In particular, I've made the blueprint operations on $resource and $lease objects more purposeful: they need to invoke an activator on the appropriate object to be implemented correctly. Before they invoke this activator method, they configure the object. In a future diff, this configuration will include specifying slot locks that the lease or resource must acquire. So the API will be something like:
$lease ->setActivateWhenAcquired(true) ->needSlotLock('x') ->needSlotLock('y') ->acquireOnResource($resource);
In the common case where slot locks are a good fit, I think this should make correct blueprint implementation very straightforward.
This prepares for (but does not implement) resources and leases which need significant setup steps. I've basically carved out two modes:
- The "activate immediately" mode, as here, immediately opens the resource or activates the lease. This is appropriate if little or no setup is required. I expect many leases to operate in this mode, although I expect many resources will operate in the other mode.
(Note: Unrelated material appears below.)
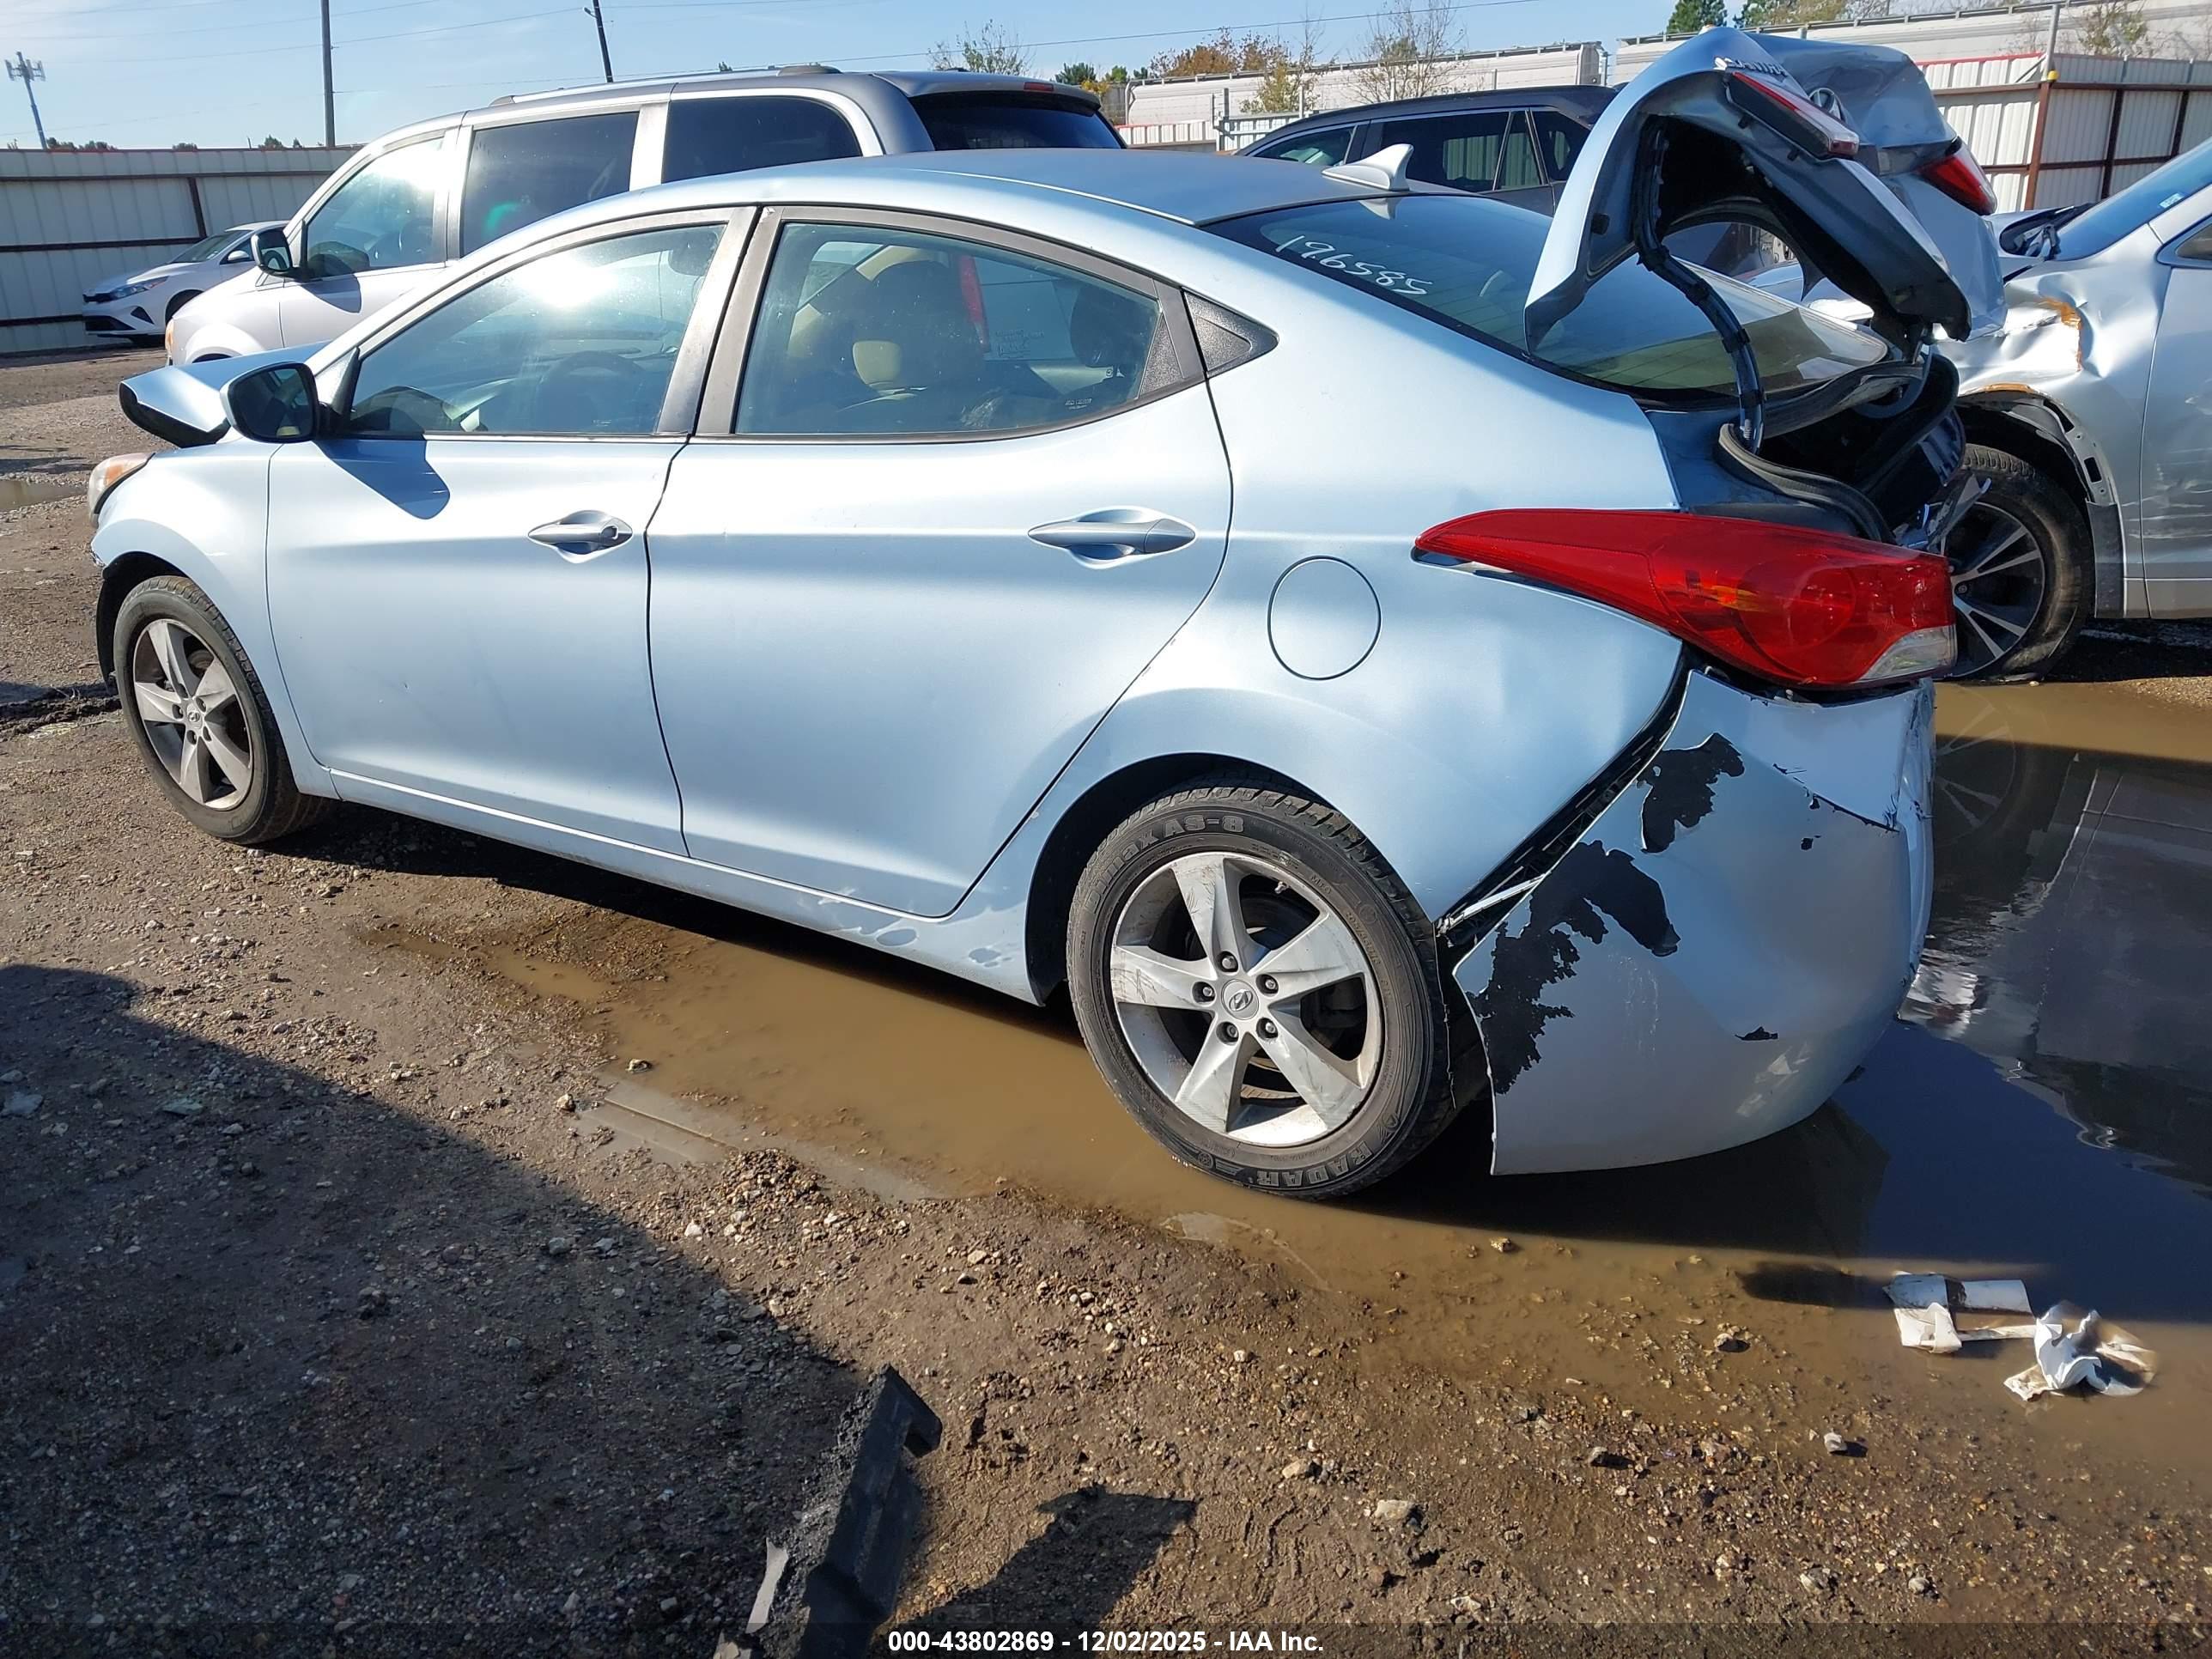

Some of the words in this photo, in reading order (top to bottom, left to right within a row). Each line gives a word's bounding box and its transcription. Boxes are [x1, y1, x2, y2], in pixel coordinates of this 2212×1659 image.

- The "allocate now, activate later" mode, which is not fully implemented yet. This will queue setup workers when the allocator exits. Overall, this will work very similarly to Harbormaster.
- This new structure makes it acceptable for blueprints to sleep as long as they want during resource allocation and lease acquisition, so long as they are not waiting on anything which needs to be completed by the queue. Putting a sleep(15 * 60) in your EC2Blueprint to wait for EC2 to bring a machine up will perform worse than using delayed activation, but won't deadlock the queue or block any locks.
Overall, this flow is more similar to Harbormaster's flow. Having consistency between Harbormaster's model and Drydock's model is good, and I think Harbormaster's model is also simply much better than Drydock's (what exists today in Drydock was implemented a long time ago, and we had more support and infrastructure by the time Harbormaster was implemented, as well as a more clearly defined problem).
The particular strength of Harbormaster is that objects always (or almost always, at least) have a single, clearly defined writer. Ensuring objects have only one writer prevents races and makes reasoning about everything easier.
Drydock does not currently have a clearly defined single writer, but this moves us in that direction. We'll probably need more primitives eventually to flesh this out, like Harbormaster's command queue for messaging objects which you can't write to.
This blueprint was originally implemented in D13843. This makes a few changes to the blueprint itself:
- A bunch of code from that (e.g., interfaces) doesn't exist yet.
- I let the blueprint have multiple services. This simplifies the code a little and seems like it costs us nothing.
This also removes bin/drydock create-resource, which no longer makes sense to expose. It won't get locking, leasing, etc., correct, and can not be made correct.